====== EXERCISE DATA ======

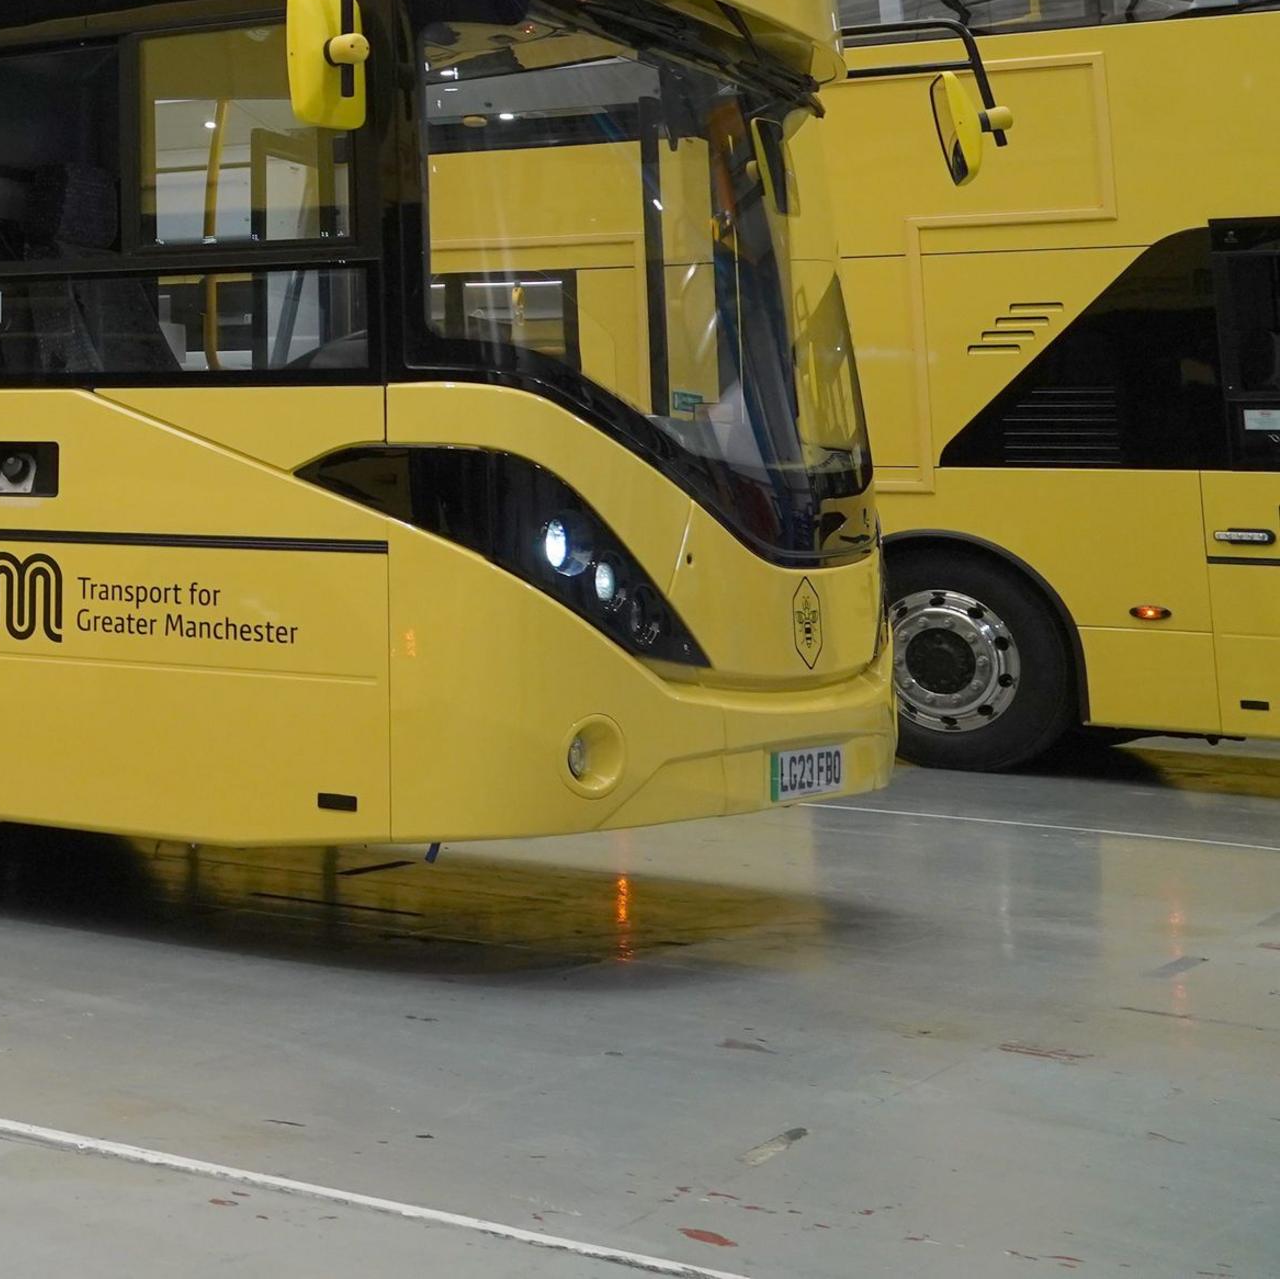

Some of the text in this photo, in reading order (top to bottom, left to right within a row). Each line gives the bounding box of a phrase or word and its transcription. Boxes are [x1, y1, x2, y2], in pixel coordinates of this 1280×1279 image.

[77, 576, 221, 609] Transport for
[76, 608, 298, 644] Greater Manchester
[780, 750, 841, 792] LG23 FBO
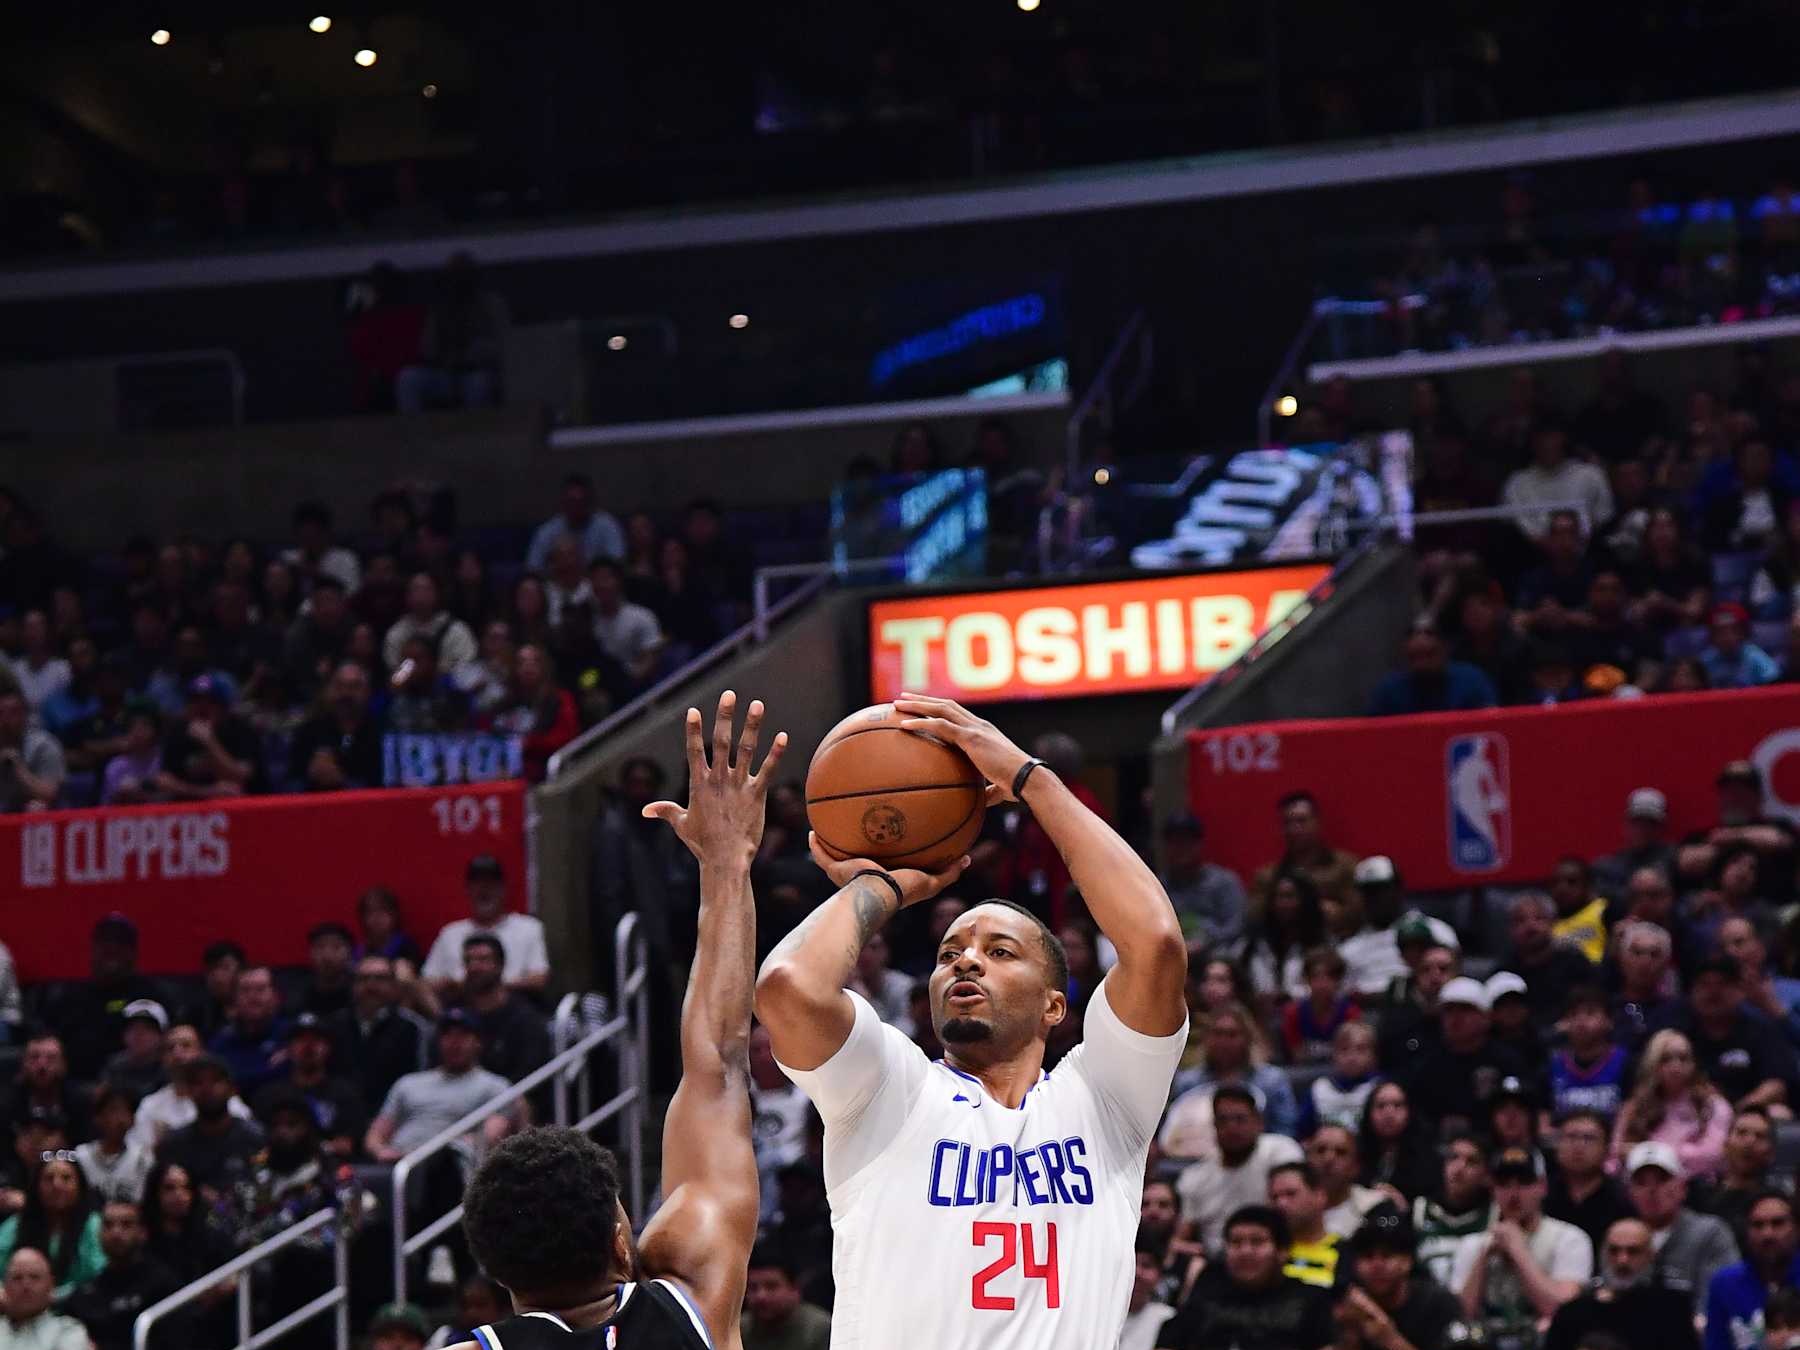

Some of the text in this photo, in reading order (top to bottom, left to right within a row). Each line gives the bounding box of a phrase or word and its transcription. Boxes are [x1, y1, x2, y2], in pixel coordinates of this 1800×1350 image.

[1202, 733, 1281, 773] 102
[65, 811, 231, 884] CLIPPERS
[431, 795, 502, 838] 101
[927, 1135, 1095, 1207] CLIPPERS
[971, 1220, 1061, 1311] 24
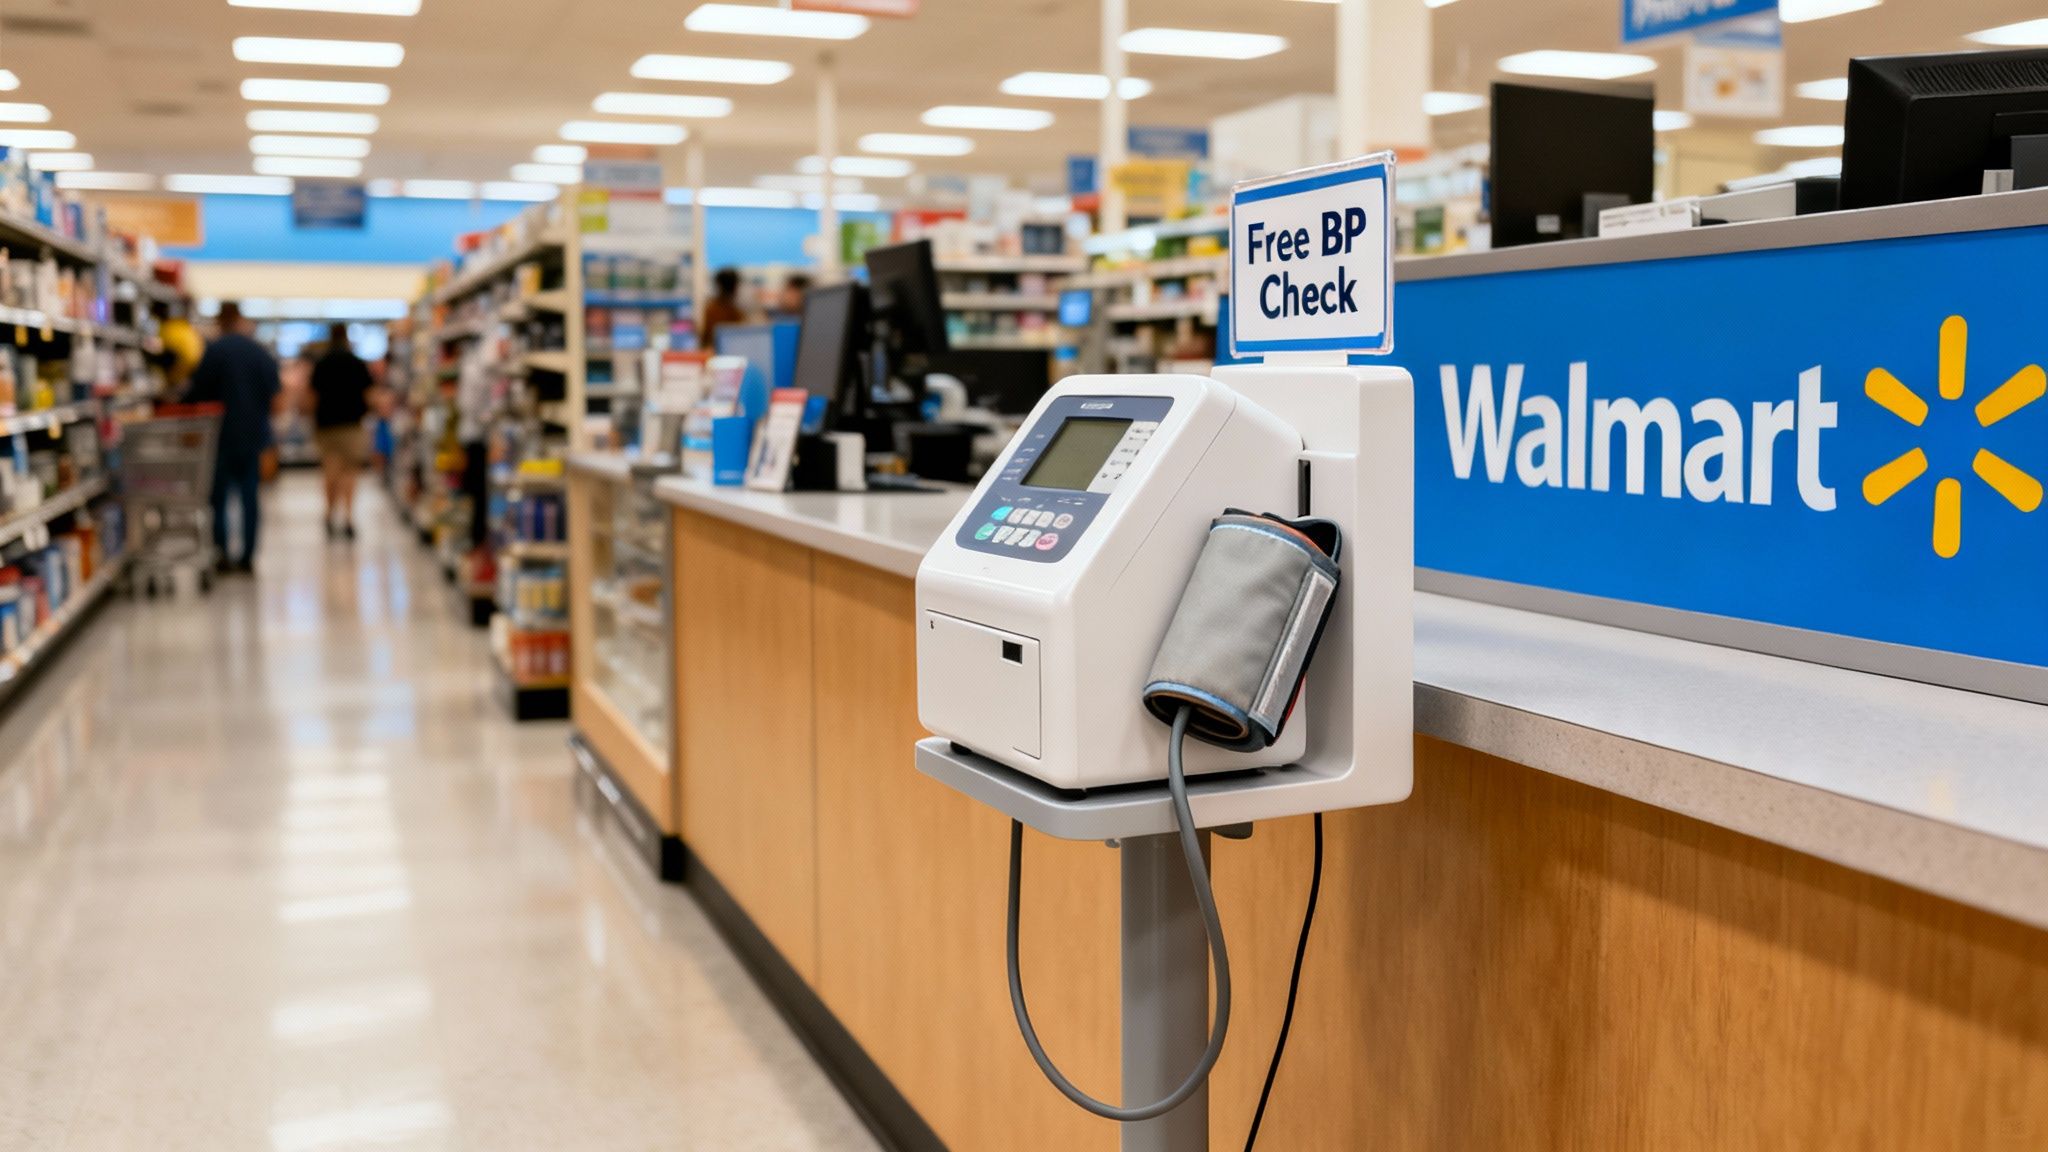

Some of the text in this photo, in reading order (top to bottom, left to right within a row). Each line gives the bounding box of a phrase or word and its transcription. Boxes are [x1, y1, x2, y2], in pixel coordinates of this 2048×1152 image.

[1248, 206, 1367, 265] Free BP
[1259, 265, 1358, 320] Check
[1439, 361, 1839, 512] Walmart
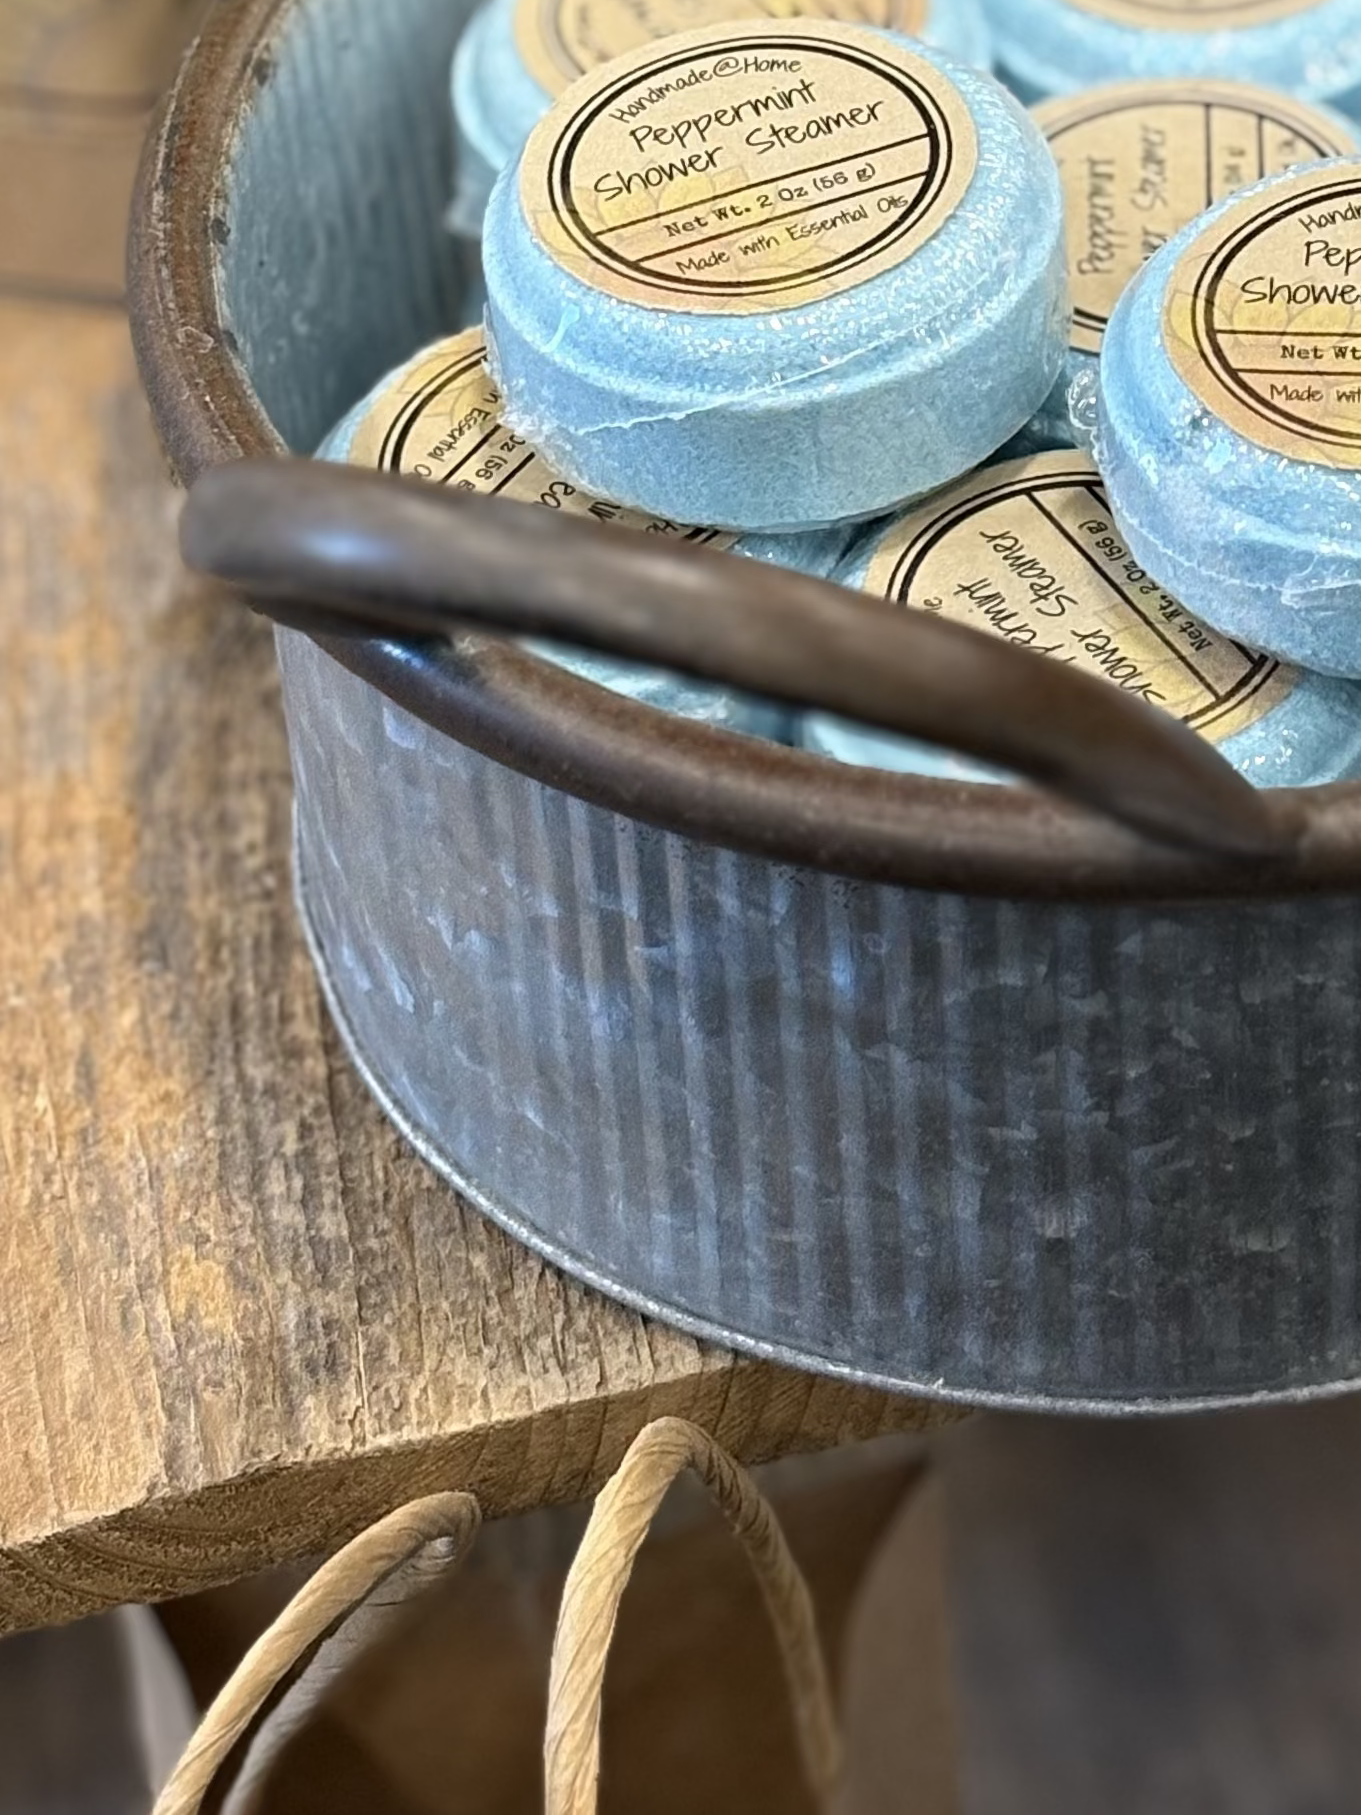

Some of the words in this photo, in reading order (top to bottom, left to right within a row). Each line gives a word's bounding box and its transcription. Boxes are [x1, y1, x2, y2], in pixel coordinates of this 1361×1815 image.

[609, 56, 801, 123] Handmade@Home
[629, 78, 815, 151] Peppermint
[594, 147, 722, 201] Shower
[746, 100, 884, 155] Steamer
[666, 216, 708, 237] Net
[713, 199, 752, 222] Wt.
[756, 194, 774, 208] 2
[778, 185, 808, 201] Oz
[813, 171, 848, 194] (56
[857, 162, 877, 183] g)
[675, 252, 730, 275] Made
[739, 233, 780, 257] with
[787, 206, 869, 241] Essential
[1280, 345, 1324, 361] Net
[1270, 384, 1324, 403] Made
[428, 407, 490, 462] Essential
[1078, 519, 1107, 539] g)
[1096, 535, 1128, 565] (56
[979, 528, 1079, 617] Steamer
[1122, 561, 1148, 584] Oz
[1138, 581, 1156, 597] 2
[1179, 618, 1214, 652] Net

======

Please print all of the records above exactly, omitting each picture.

(SOLVED EXERCISE)
Some of the text in this photo, in reading order (top to bottom, left to right within a row). Each line gives the bounding box of a phrase or word and its transcription. Boxes are [x1, y1, x2, y2], in pixel coordinates of this 1280×1279 image.

[77, 576, 221, 609] Transport for
[76, 608, 298, 644] Greater Manchester
[780, 750, 841, 792] LG23 FBO

Some of the text in this photo, in reading order (top to bottom, left to right within a row). Each line gives the bounding box of a phrase or word and its transcription. Boxes are [x1, y1, x2, y2], in pixel coordinates of this 1800×1350 image.

[1202, 733, 1281, 773] 102
[65, 811, 231, 884] CLIPPERS
[431, 795, 502, 838] 101
[927, 1135, 1095, 1207] CLIPPERS
[971, 1220, 1061, 1311] 24

Some of the text in this photo, in reading order (top to bottom, left to right within a row). Each line gives the bounding box of a phrase or word and its transcription. Boxes are [x1, y1, x2, y2], in pixel coordinates of this 2048×1152 image.

[1248, 206, 1367, 265] Free BP
[1259, 265, 1358, 320] Check
[1439, 361, 1839, 512] Walmart

Some of the words in this photo, in reading order (top to bottom, left to right within a row). Each line gives a word's bounding box and its transcription. Boxes are [x1, y1, x2, y2], in pixel coordinates of this 1361×1815 image.

[609, 56, 801, 123] Handmade@Home
[629, 78, 815, 151] Peppermint
[594, 147, 722, 201] Shower
[746, 100, 884, 155] Steamer
[666, 216, 708, 237] Net
[713, 199, 752, 222] Wt.
[756, 194, 774, 208] 2
[778, 185, 808, 201] Oz
[813, 171, 848, 194] (56
[857, 162, 877, 183] g)
[675, 252, 730, 275] Made
[739, 233, 780, 257] with
[787, 206, 869, 241] Essential
[1280, 345, 1324, 361] Net
[1270, 384, 1324, 403] Made
[428, 407, 490, 462] Essential
[1078, 519, 1107, 539] g)
[1096, 535, 1128, 565] (56
[979, 528, 1079, 617] Steamer
[1122, 561, 1148, 584] Oz
[1138, 581, 1156, 597] 2
[1179, 618, 1214, 652] Net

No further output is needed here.